Since the 1850s, Sanpete County's history has revolved around the rivalry of its four leading towns--Mt. Pleasant, Gunnison, Manti, and Ephraim. Ephraim, long portrayed as the epitome of "the Utah farm village," refused to concede primacy of place to its nearest competitor, even though Manti captured both the county seat and one of Utah's first four Mormon temples. In the 1950s, Ephraim finally eclipsed all its rivals in size and two decades later passed the Census Bureau's magic 2,500 mark to become Sanpete's only urban place.

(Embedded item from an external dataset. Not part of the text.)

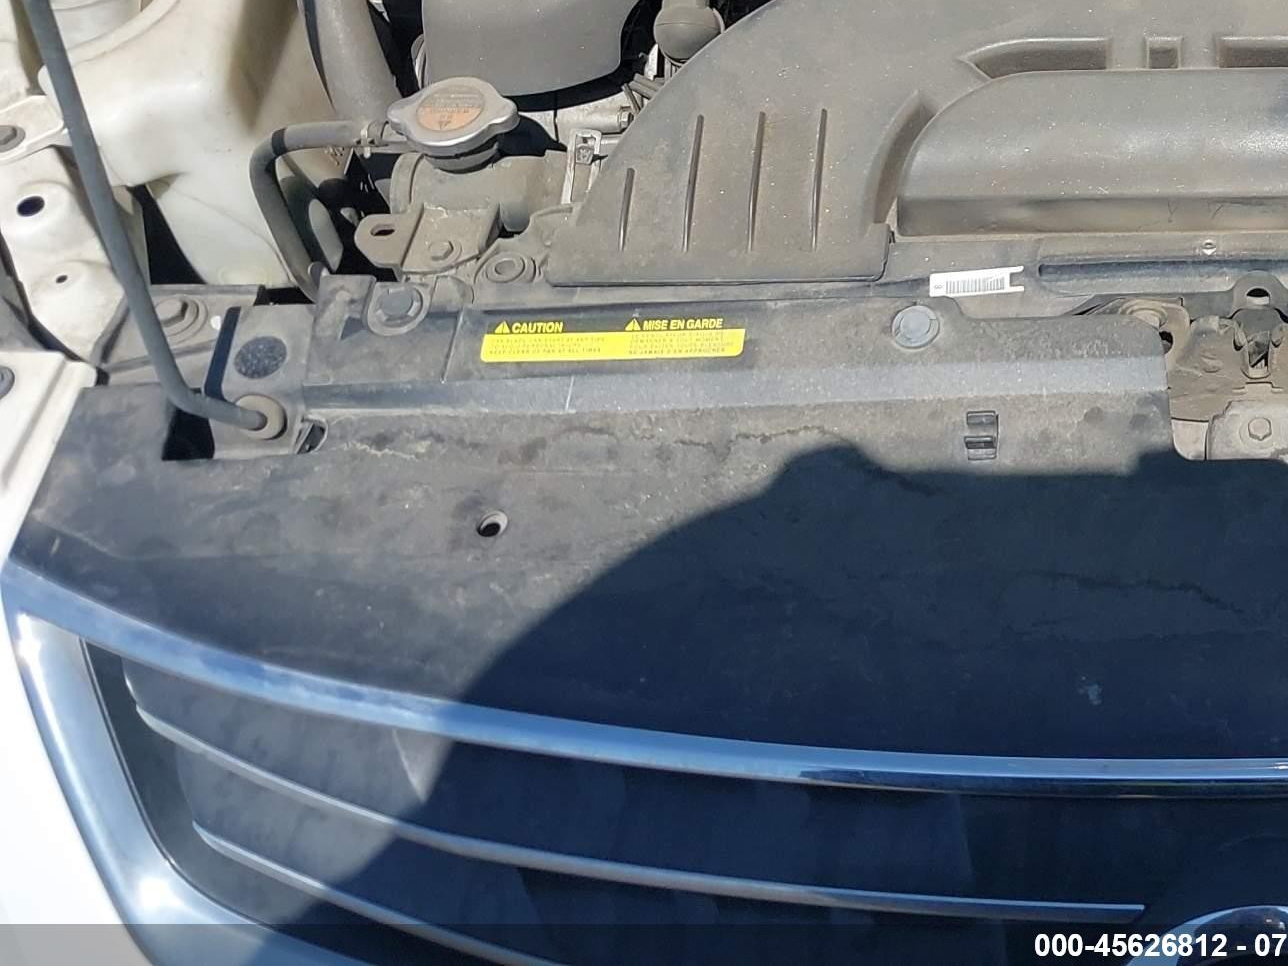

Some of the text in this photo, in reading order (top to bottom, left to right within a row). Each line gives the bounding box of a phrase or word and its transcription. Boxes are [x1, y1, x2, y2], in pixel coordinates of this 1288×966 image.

[512, 321, 564, 333] CAUTION
[643, 318, 723, 331] MISE EN GARDE

Outwardly, Ephraim still resembles its Sanpete rivals and the classic Mormon village, but inwardly it has always differed in significant ways. From its founding in 1854 until the end of the Black Hawk War in 1868, Ephraim functioned as Sanpete's most important fort. Platted across one of the San Pitch River's largest tributary "creeks," Fort Ephraim arose next to a sizable Indian settlement, "presenting the appearance of two cities, side by side, with entirely different manners and customs" according to one early observer.

Its function as a fort drew a very diverse population to Ephraim, with Danes forming a bare majority by 1860. Divisions naturally developed, prompting the church to appoint outsiders as bishops. The fourth, a Norwegian named Canute Peterson, arrived from Lehi in 1867 and, after signing a peace treaty with the Indians, helped bring stability and prosperity to a newly incorporated (1868) City of Ephraim. By 1872 the city had built two imposing structures a block apart on opposite sides of Main Street--a co-op store and a tabernacle.